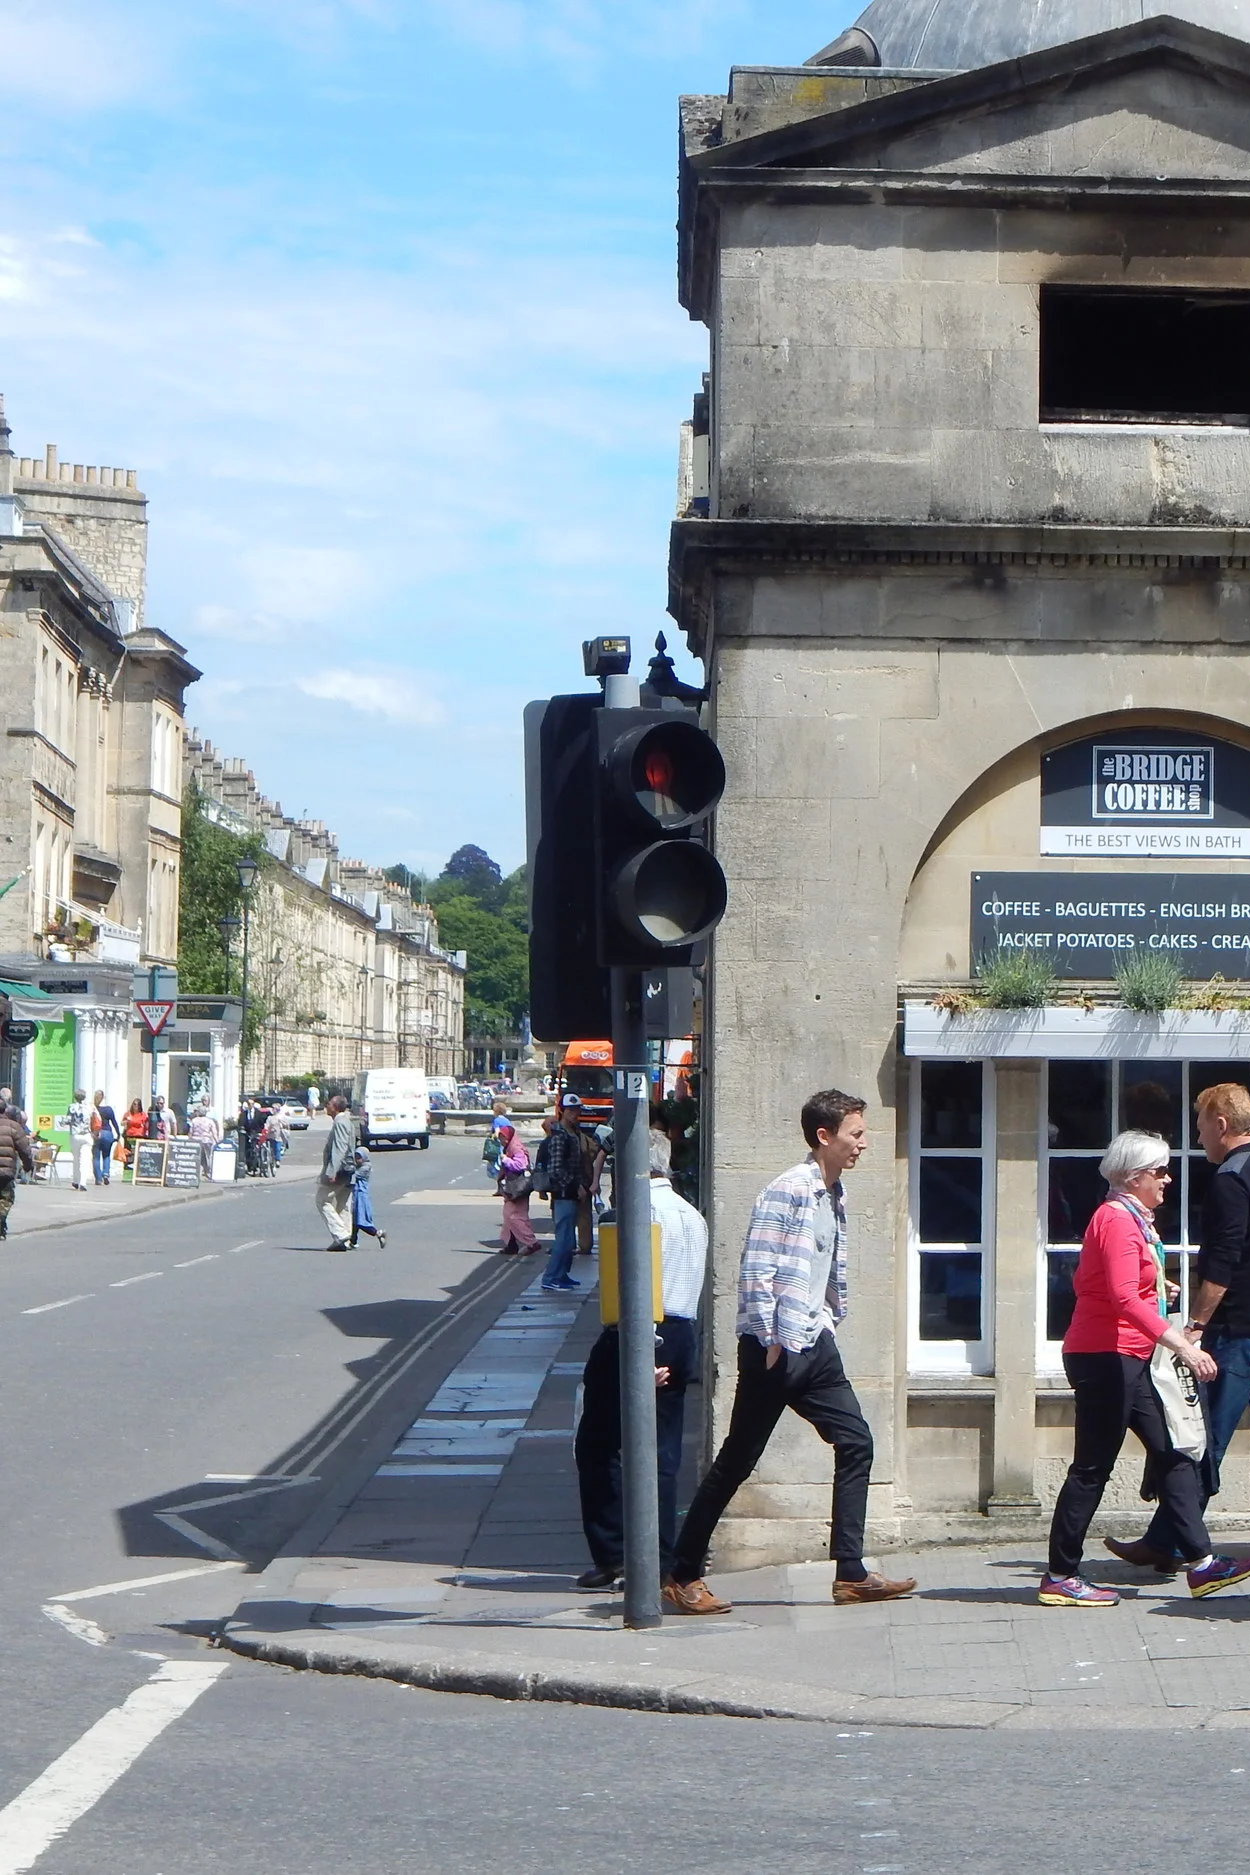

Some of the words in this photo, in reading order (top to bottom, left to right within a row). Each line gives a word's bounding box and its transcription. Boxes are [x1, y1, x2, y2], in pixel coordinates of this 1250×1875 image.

[1102, 757, 1114, 776] the
[1114, 754, 1205, 781] BRIDGE
[1104, 783, 1186, 811] COFFEE
[1187, 784, 1202, 811] shop
[1065, 834, 1093, 847] THE
[1099, 834, 1131, 847] BEST
[1135, 835, 1181, 848] VIEWS
[1186, 835, 1200, 848] IN
[1205, 836, 1241, 848] BATH
[982, 901, 1041, 916] COFFEE
[1055, 902, 1146, 917] BAGUETTES
[1160, 903, 1225, 917] ENGLISH
[998, 933, 1053, 947] JACKET
[1057, 933, 1135, 948] POTATOES
[1149, 934, 1198, 948] CAKES
[633, 1077, 643, 1092] 2

### What is required:
An exact repeat of the listing above, pictures excluded, is the answer.

### Response area:
Some of the words in this photo, in reading order (top to bottom, left to right within a row). Each line gives a word's bounding box and its transcription. Boxes are [x1, y1, x2, y2], in pixel coordinates of this 1250×1875 image.

[1102, 757, 1114, 776] the
[1114, 754, 1205, 781] BRIDGE
[1104, 783, 1186, 811] COFFEE
[1187, 784, 1202, 811] shop
[1065, 834, 1093, 847] THE
[1099, 834, 1131, 847] BEST
[1135, 835, 1181, 848] VIEWS
[1186, 835, 1200, 848] IN
[1205, 836, 1241, 848] BATH
[982, 901, 1041, 916] COFFEE
[1055, 902, 1146, 917] BAGUETTES
[1160, 903, 1225, 917] ENGLISH
[998, 933, 1053, 947] JACKET
[1057, 933, 1135, 948] POTATOES
[1149, 934, 1198, 948] CAKES
[633, 1077, 643, 1092] 2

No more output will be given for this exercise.